►
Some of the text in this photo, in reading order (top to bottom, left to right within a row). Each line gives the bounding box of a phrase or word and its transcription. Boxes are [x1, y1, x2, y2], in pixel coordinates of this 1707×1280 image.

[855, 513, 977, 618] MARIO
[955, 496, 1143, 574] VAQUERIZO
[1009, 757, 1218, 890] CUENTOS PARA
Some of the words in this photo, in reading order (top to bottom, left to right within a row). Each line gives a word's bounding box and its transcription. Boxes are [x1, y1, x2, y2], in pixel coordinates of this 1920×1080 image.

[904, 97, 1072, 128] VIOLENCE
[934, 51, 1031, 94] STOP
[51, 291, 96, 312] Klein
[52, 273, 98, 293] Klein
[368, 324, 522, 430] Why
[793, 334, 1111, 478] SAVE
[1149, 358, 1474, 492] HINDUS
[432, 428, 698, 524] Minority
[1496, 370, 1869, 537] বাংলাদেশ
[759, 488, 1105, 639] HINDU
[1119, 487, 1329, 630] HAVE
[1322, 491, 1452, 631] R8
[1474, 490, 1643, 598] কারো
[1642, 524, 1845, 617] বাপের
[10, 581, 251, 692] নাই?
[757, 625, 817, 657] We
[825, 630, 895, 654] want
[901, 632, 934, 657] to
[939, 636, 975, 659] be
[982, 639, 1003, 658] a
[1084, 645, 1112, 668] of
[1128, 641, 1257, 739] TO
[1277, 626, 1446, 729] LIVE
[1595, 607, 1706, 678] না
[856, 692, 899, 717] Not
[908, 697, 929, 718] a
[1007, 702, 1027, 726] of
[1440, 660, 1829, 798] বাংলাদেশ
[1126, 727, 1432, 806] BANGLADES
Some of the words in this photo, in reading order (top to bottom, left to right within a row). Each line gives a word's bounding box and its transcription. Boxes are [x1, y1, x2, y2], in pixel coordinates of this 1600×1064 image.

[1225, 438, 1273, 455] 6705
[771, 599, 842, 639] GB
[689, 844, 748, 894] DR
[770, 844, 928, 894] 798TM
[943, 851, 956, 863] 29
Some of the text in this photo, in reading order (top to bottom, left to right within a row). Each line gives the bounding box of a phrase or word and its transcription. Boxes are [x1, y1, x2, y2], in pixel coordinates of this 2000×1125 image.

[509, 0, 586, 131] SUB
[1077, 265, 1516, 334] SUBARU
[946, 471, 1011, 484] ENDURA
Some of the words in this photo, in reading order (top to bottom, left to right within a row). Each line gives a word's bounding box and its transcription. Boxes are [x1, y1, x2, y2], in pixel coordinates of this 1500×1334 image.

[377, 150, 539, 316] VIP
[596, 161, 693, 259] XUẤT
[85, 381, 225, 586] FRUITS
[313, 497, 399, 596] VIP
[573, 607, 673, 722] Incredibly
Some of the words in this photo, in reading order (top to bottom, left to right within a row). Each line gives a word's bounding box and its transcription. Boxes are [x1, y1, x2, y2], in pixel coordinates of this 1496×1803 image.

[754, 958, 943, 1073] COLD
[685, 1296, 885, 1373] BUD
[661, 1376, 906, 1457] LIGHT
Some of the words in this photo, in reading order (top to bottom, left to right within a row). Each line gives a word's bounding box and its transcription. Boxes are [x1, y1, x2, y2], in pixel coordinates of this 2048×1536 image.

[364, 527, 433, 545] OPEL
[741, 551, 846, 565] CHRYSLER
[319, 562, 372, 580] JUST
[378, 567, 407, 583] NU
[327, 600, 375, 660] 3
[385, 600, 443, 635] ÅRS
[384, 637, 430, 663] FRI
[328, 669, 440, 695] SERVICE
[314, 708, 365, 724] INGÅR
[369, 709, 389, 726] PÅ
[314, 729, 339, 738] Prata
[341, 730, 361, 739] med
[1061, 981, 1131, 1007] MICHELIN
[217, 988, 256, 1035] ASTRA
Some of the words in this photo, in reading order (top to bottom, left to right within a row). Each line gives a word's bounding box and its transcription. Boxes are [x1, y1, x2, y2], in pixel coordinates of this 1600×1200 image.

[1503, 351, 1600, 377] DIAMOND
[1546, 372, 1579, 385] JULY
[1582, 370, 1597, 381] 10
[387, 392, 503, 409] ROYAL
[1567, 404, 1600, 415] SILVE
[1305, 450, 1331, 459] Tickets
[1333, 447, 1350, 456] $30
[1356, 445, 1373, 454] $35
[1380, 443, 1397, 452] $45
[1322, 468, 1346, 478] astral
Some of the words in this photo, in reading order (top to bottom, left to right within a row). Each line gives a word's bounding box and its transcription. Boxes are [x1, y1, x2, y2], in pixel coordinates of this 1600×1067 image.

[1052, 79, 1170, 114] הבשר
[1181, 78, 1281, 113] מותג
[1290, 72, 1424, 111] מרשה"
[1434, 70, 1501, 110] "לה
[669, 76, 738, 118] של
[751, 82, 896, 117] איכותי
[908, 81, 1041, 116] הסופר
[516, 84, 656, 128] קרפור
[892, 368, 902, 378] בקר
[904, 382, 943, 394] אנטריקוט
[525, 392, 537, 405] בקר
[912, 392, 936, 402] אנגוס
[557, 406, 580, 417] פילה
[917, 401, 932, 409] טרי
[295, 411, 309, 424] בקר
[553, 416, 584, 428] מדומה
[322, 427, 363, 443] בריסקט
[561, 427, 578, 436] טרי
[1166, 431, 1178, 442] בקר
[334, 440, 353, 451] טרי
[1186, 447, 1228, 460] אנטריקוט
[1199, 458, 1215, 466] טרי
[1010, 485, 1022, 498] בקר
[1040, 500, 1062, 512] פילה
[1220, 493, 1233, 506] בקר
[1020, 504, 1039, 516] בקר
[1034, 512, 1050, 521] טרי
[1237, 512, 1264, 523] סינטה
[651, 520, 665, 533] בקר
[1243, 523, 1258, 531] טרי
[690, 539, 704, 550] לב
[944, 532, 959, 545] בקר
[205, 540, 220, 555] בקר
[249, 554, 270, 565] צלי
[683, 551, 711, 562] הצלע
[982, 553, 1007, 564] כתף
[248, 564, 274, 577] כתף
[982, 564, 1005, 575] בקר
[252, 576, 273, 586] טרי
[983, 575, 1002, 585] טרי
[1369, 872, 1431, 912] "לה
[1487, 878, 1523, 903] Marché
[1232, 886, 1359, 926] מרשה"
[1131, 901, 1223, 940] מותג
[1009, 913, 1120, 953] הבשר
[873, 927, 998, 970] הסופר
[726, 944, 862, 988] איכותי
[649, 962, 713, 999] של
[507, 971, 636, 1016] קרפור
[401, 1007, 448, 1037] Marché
◄
-- AIM OF THE EXERCISE --
Set down the records again verbatim, so that each word stays as it is.

-- YOUR SOLUTION --
Some of the text in this photo, in reading order (top to bottom, left to right within a row). Each line gives the bounding box of a phrase or word and its transcription. Boxes are [x1, y1, x2, y2], in pixel coordinates of this 1707×1280 image.

[855, 513, 977, 618] MARIO
[955, 496, 1143, 574] VAQUERIZO
[1009, 757, 1218, 890] CUENTOS PARA
Some of the words in this photo, in reading order (top to bottom, left to right within a row). Each line gives a word's bounding box and its transcription. Boxes are [x1, y1, x2, y2], in pixel coordinates of this 1920×1080 image.

[904, 97, 1072, 128] VIOLENCE
[934, 51, 1031, 94] STOP
[51, 291, 96, 312] Klein
[52, 273, 98, 293] Klein
[368, 324, 522, 430] Why
[793, 334, 1111, 478] SAVE
[1149, 358, 1474, 492] HINDUS
[432, 428, 698, 524] Minority
[1496, 370, 1869, 537] বাংলাদেশ
[759, 488, 1105, 639] HINDU
[1119, 487, 1329, 630] HAVE
[1322, 491, 1452, 631] R8
[1474, 490, 1643, 598] কারো
[1642, 524, 1845, 617] বাপের
[10, 581, 251, 692] নাই?
[757, 625, 817, 657] We
[825, 630, 895, 654] want
[901, 632, 934, 657] to
[939, 636, 975, 659] be
[982, 639, 1003, 658] a
[1084, 645, 1112, 668] of
[1128, 641, 1257, 739] TO
[1277, 626, 1446, 729] LIVE
[1595, 607, 1706, 678] না
[856, 692, 899, 717] Not
[908, 697, 929, 718] a
[1007, 702, 1027, 726] of
[1440, 660, 1829, 798] বাংলাদেশ
[1126, 727, 1432, 806] BANGLADES
Some of the words in this photo, in reading order (top to bottom, left to right within a row). Each line gives a word's bounding box and its transcription. Boxes are [x1, y1, x2, y2], in pixel coordinates of this 1600×1064 image.

[1225, 438, 1273, 455] 6705
[771, 599, 842, 639] GB
[689, 844, 748, 894] DR
[770, 844, 928, 894] 798TM
[943, 851, 956, 863] 29
Some of the text in this photo, in reading order (top to bottom, left to right within a row). Each line gives the bounding box of a phrase or word and its transcription. Boxes are [x1, y1, x2, y2], in pixel coordinates of this 2000×1125 image.

[509, 0, 586, 131] SUB
[1077, 265, 1516, 334] SUBARU
[946, 471, 1011, 484] ENDURA
Some of the words in this photo, in reading order (top to bottom, left to right within a row). Each line gives a word's bounding box and its transcription. Boxes are [x1, y1, x2, y2], in pixel coordinates of this 1500×1334 image.

[377, 150, 539, 316] VIP
[596, 161, 693, 259] XUẤT
[85, 381, 225, 586] FRUITS
[313, 497, 399, 596] VIP
[573, 607, 673, 722] Incredibly
Some of the words in this photo, in reading order (top to bottom, left to right within a row). Each line gives a word's bounding box and its transcription. Boxes are [x1, y1, x2, y2], in pixel coordinates of this 1496×1803 image.

[754, 958, 943, 1073] COLD
[685, 1296, 885, 1373] BUD
[661, 1376, 906, 1457] LIGHT
Some of the words in this photo, in reading order (top to bottom, left to right within a row). Each line gives a word's bounding box and its transcription. Boxes are [x1, y1, x2, y2], in pixel coordinates of this 2048×1536 image.

[364, 527, 433, 545] OPEL
[741, 551, 846, 565] CHRYSLER
[319, 562, 372, 580] JUST
[378, 567, 407, 583] NU
[327, 600, 375, 660] 3
[385, 600, 443, 635] ÅRS
[384, 637, 430, 663] FRI
[328, 669, 440, 695] SERVICE
[314, 708, 365, 724] INGÅR
[369, 709, 389, 726] PÅ
[314, 729, 339, 738] Prata
[341, 730, 361, 739] med
[1061, 981, 1131, 1007] MICHELIN
[217, 988, 256, 1035] ASTRA
Some of the words in this photo, in reading order (top to bottom, left to right within a row). Each line gives a word's bounding box and its transcription. Boxes are [x1, y1, x2, y2], in pixel coordinates of this 1600×1200 image.

[1503, 351, 1600, 377] DIAMOND
[1546, 372, 1579, 385] JULY
[1582, 370, 1597, 381] 10
[387, 392, 503, 409] ROYAL
[1567, 404, 1600, 415] SILVE
[1305, 450, 1331, 459] Tickets
[1333, 447, 1350, 456] $30
[1356, 445, 1373, 454] $35
[1380, 443, 1397, 452] $45
[1322, 468, 1346, 478] astral
Some of the words in this photo, in reading order (top to bottom, left to right within a row). Each line gives a word's bounding box and its transcription. Boxes are [x1, y1, x2, y2], in pixel coordinates of this 1600×1067 image.

[1052, 79, 1170, 114] הבשר
[1181, 78, 1281, 113] מותג
[1290, 72, 1424, 111] מרשה"
[1434, 70, 1501, 110] "לה
[669, 76, 738, 118] של
[751, 82, 896, 117] איכותי
[908, 81, 1041, 116] הסופר
[516, 84, 656, 128] קרפור
[892, 368, 902, 378] בקר
[904, 382, 943, 394] אנטריקוט
[525, 392, 537, 405] בקר
[912, 392, 936, 402] אנגוס
[557, 406, 580, 417] פילה
[917, 401, 932, 409] טרי
[295, 411, 309, 424] בקר
[553, 416, 584, 428] מדומה
[322, 427, 363, 443] בריסקט
[561, 427, 578, 436] טרי
[1166, 431, 1178, 442] בקר
[334, 440, 353, 451] טרי
[1186, 447, 1228, 460] אנטריקוט
[1199, 458, 1215, 466] טרי
[1010, 485, 1022, 498] בקר
[1040, 500, 1062, 512] פילה
[1220, 493, 1233, 506] בקר
[1020, 504, 1039, 516] בקר
[1034, 512, 1050, 521] טרי
[1237, 512, 1264, 523] סינטה
[651, 520, 665, 533] בקר
[1243, 523, 1258, 531] טרי
[690, 539, 704, 550] לב
[944, 532, 959, 545] בקר
[205, 540, 220, 555] בקר
[249, 554, 270, 565] צלי
[683, 551, 711, 562] הצלע
[982, 553, 1007, 564] כתף
[248, 564, 274, 577] כתף
[982, 564, 1005, 575] בקר
[252, 576, 273, 586] טרי
[983, 575, 1002, 585] טרי
[1369, 872, 1431, 912] "לה
[1487, 878, 1523, 903] Marché
[1232, 886, 1359, 926] מרשה"
[1131, 901, 1223, 940] מותג
[1009, 913, 1120, 953] הבשר
[873, 927, 998, 970] הסופר
[726, 944, 862, 988] איכותי
[649, 962, 713, 999] של
[507, 971, 636, 1016] קרפור
[401, 1007, 448, 1037] Marché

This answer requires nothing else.